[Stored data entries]
※

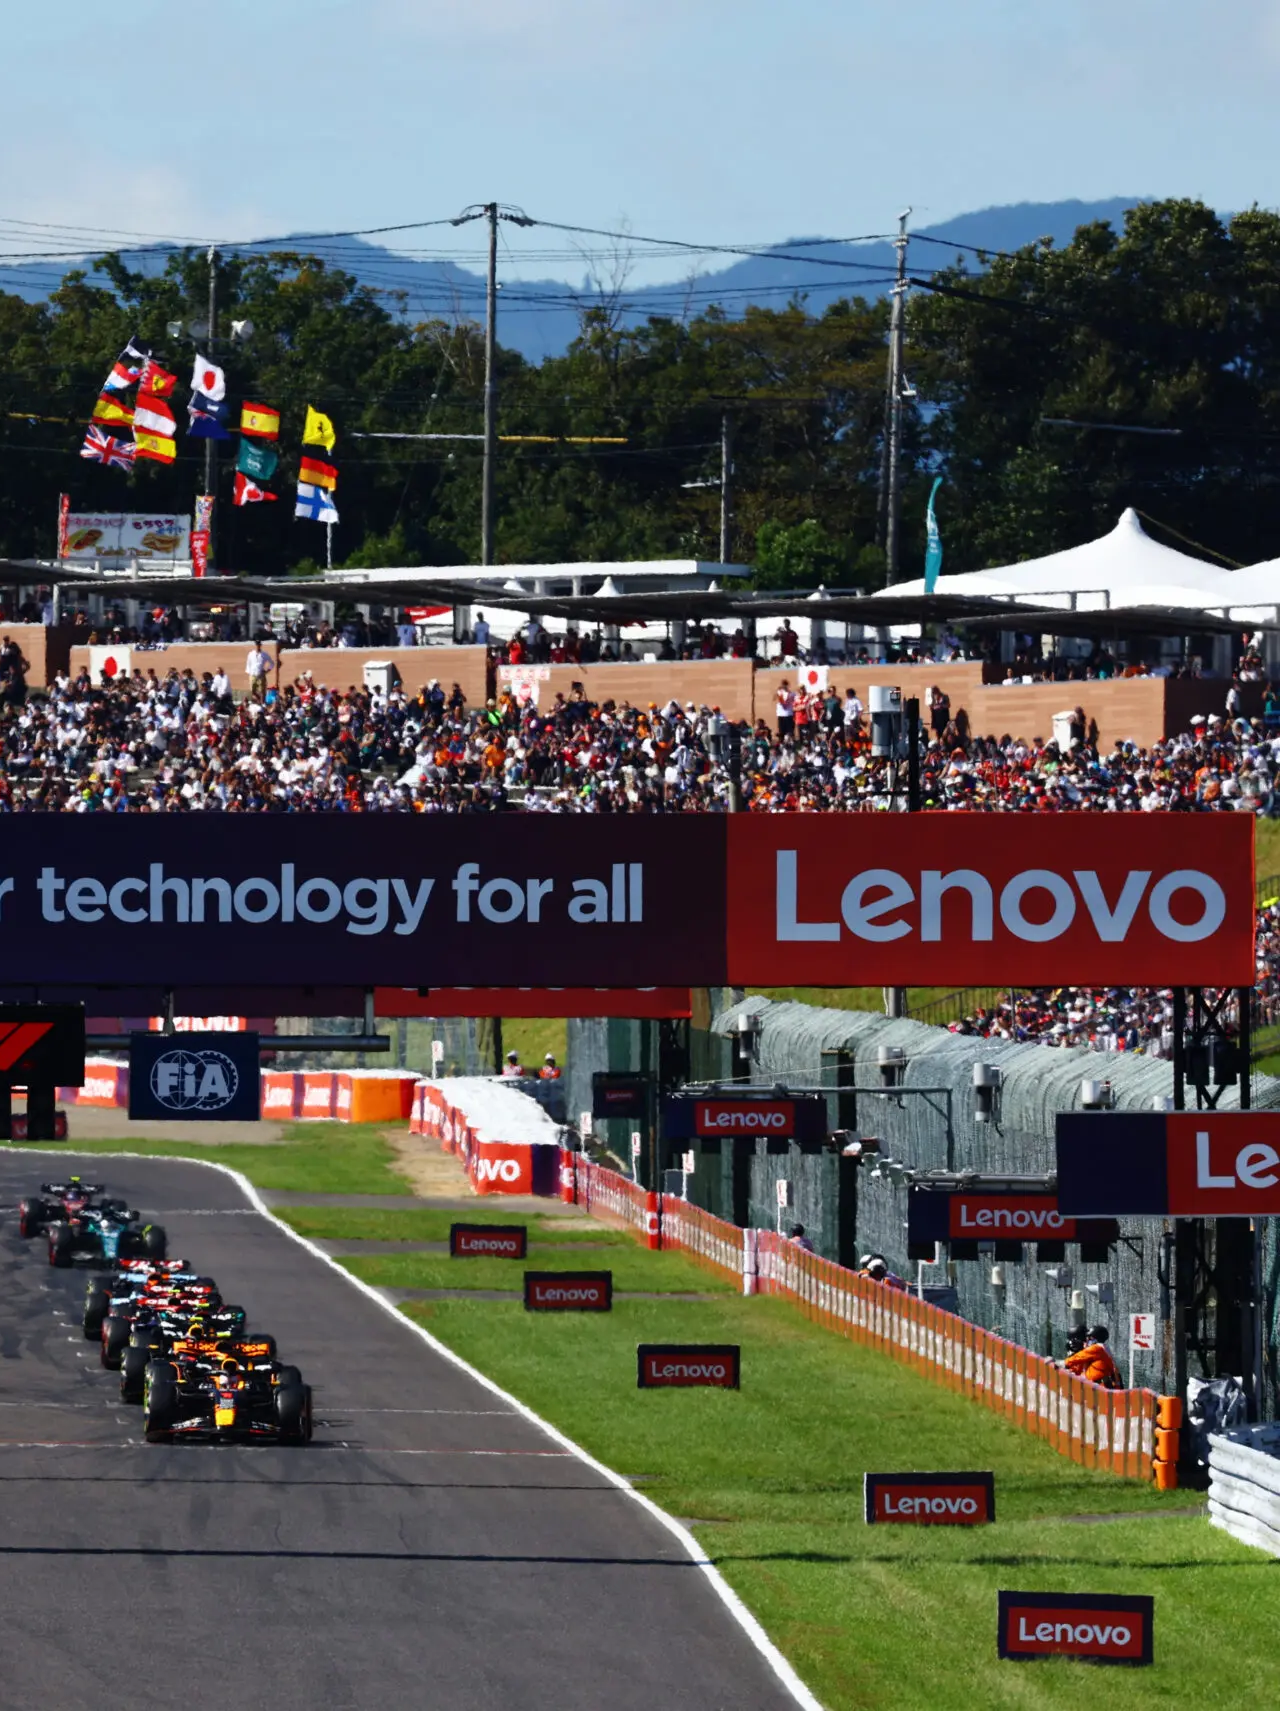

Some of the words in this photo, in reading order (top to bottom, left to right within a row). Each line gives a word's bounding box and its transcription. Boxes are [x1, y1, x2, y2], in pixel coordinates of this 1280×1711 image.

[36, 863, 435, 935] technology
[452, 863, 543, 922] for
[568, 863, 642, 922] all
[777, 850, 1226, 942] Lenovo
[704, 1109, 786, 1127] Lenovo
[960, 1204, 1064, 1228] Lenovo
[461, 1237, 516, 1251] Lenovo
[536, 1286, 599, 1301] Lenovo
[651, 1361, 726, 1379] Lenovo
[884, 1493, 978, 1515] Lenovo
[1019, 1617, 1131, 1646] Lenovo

※

# Work request:
Transcribe each entry precisely as given, leaving the pictures out.

# Answer area:
Some of the words in this photo, in reading order (top to bottom, left to right within a row). Each line gives a word's bounding box and its transcription. Boxes are [x1, y1, x2, y2], in pixel coordinates of this 1280×1711 image.

[36, 863, 435, 935] technology
[452, 863, 543, 922] for
[568, 863, 642, 922] all
[777, 850, 1226, 942] Lenovo
[704, 1109, 786, 1127] Lenovo
[960, 1204, 1064, 1228] Lenovo
[461, 1237, 516, 1251] Lenovo
[536, 1286, 599, 1301] Lenovo
[651, 1361, 726, 1379] Lenovo
[884, 1493, 978, 1515] Lenovo
[1019, 1617, 1131, 1646] Lenovo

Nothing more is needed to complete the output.